All this goes against tradition, but it also has the potential to change the way politicians at all levels deal with the media—and how the media deals with them.
As a political reporter, I am often asked to speak about how the media works to groups that include the Lugar Series, the Agricultural Leadership Institute, freshman lawmakers, General Assembly staff and others. I tell them most reporters are biased only in favor of a good story.
I was recently asked to share with a newly elected statewide officeholder. I stressed building relationships with members of the media, keeping in mind that there will always be tension.
I pointed out that a news conference is not always the best way to deliver a message, especially if the topic is sensitive, maybe a scandal of some sort.
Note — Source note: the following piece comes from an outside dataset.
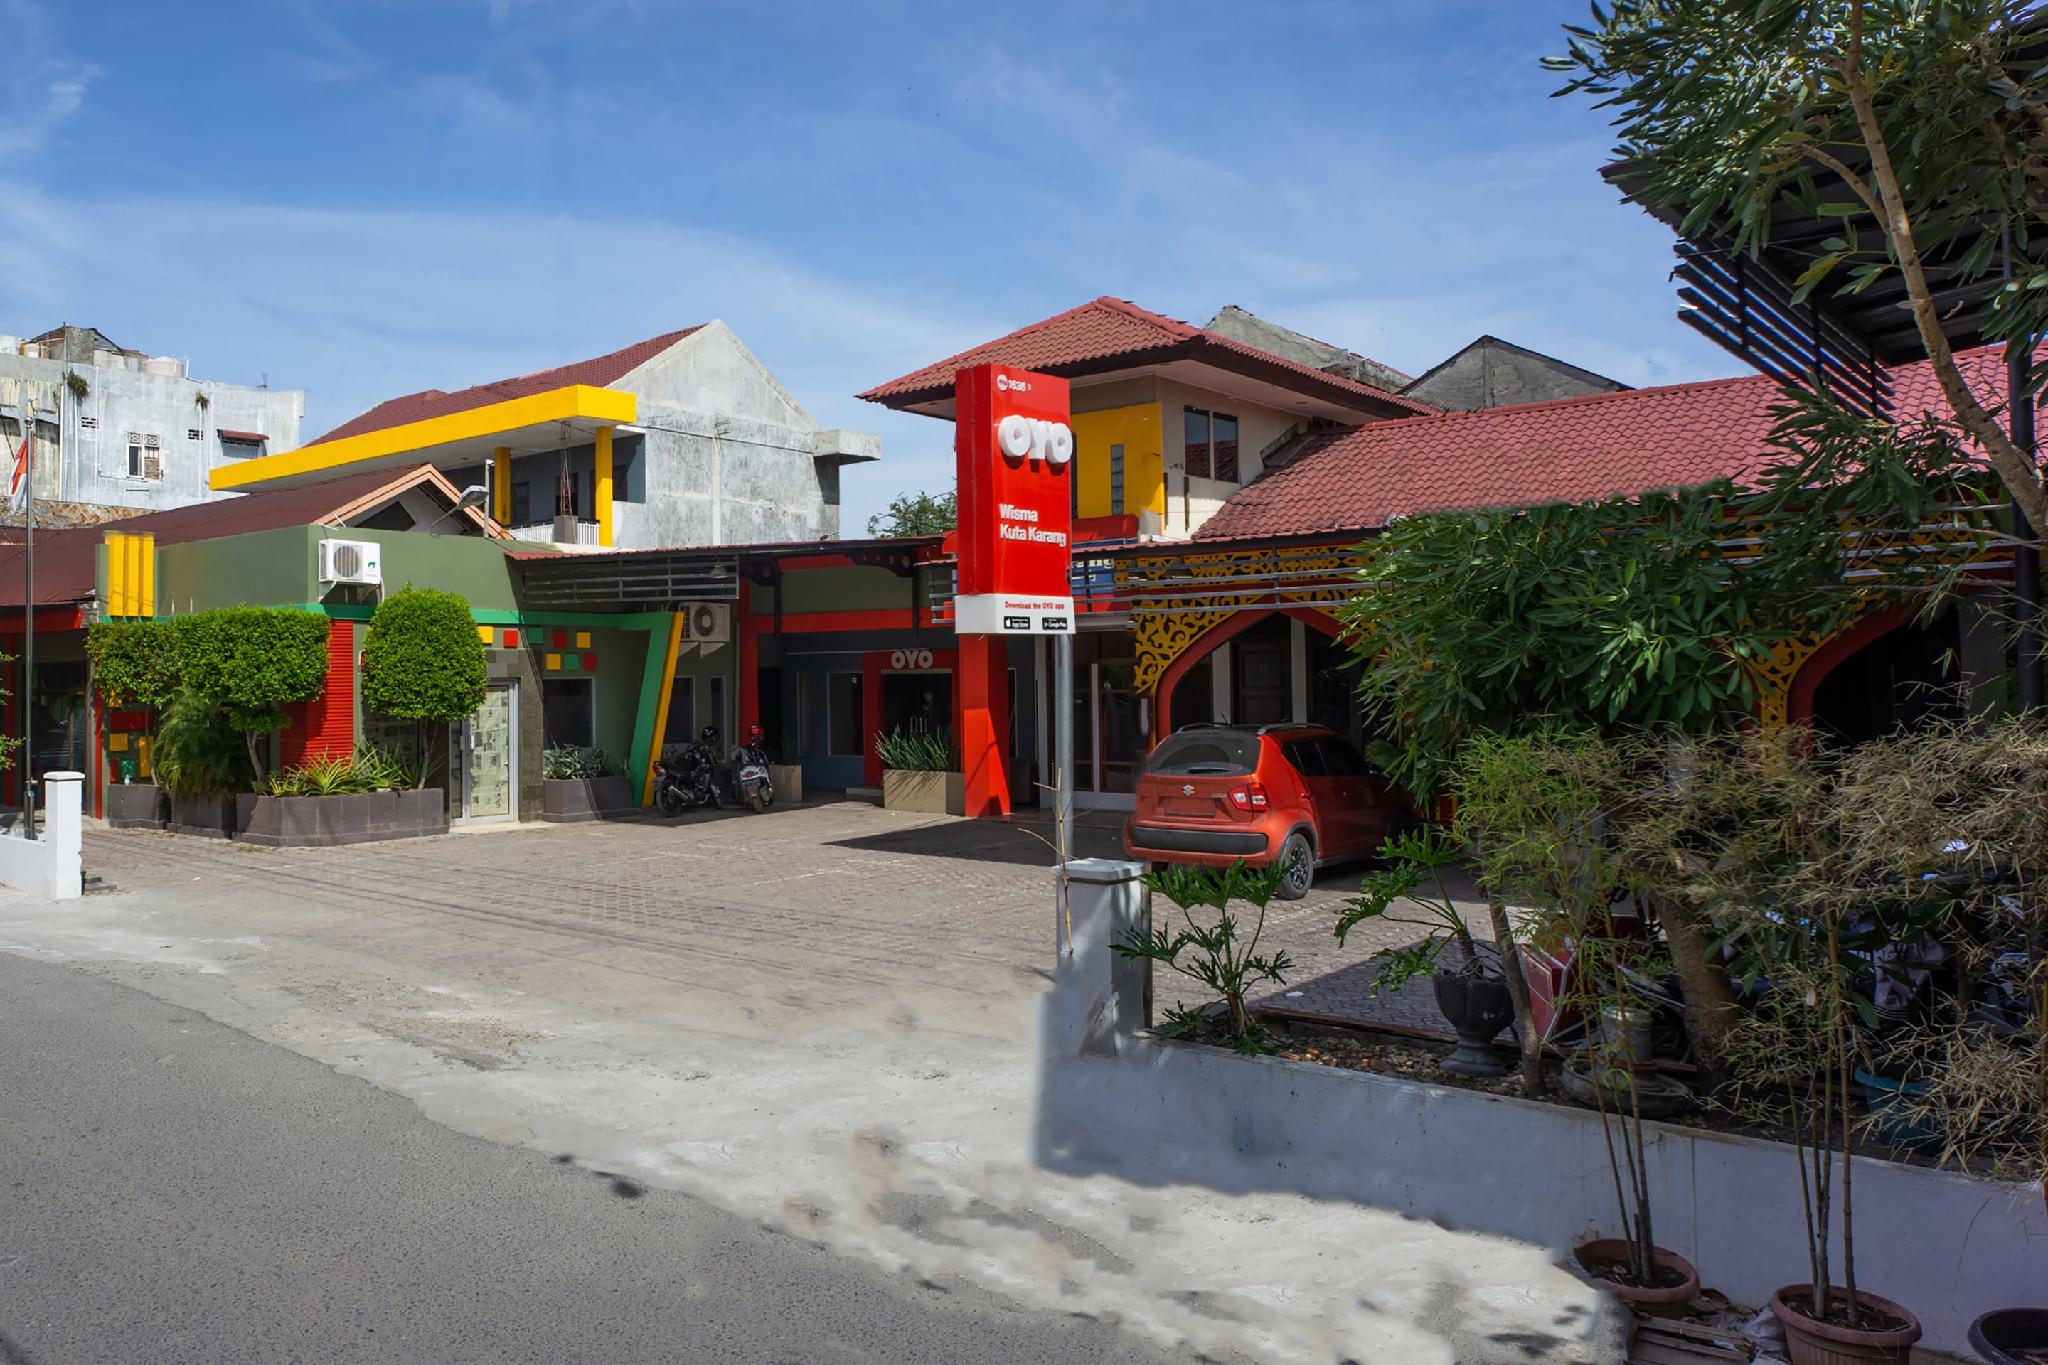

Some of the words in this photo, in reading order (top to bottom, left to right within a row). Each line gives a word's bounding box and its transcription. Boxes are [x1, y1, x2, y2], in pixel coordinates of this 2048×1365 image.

In that event, it would be helpful to be able to pick up the phone and call a trusted reporter and share your side of the story before the public makes up its collective mind based on sensational facts disclosed elsewhere.
That’s difficult in a world where the media is your enemy.
I also said that it’s important to be on Twitter. That’s the 21st century water cooler where political discussions take place. I even pointed to Donald Trump as an example of how to be genuine on Twitter. Being factual is just as important, however.
And I pointed out that the role of the media is changing constantly. With Facebook Live, voters can now watch news conferences. They need context, and fewer and fewer of them are getting it because they rely on social media and the 140 characters that give no perspective.
A politician can help a reporter do that.
There are 65 million people on Twitter, 50 million on Facebook.
Yet the media is not going away and it’s not backing down. Remember, it was reporting by The Washington Post that led to President Richard Nixon’s resignation. They are Post reporters who were labeled as enemies.
America needs good journalism.
Meanwhile, there’s another Statehouse phrase that we should all keep in mind: Elections have consequences.•
Shella hosted WFYI’s Indiana Week in Review for 25 years and covered Indiana politics for WISH-TV for more than three decades. Send comments to firstname.lastname@example.org.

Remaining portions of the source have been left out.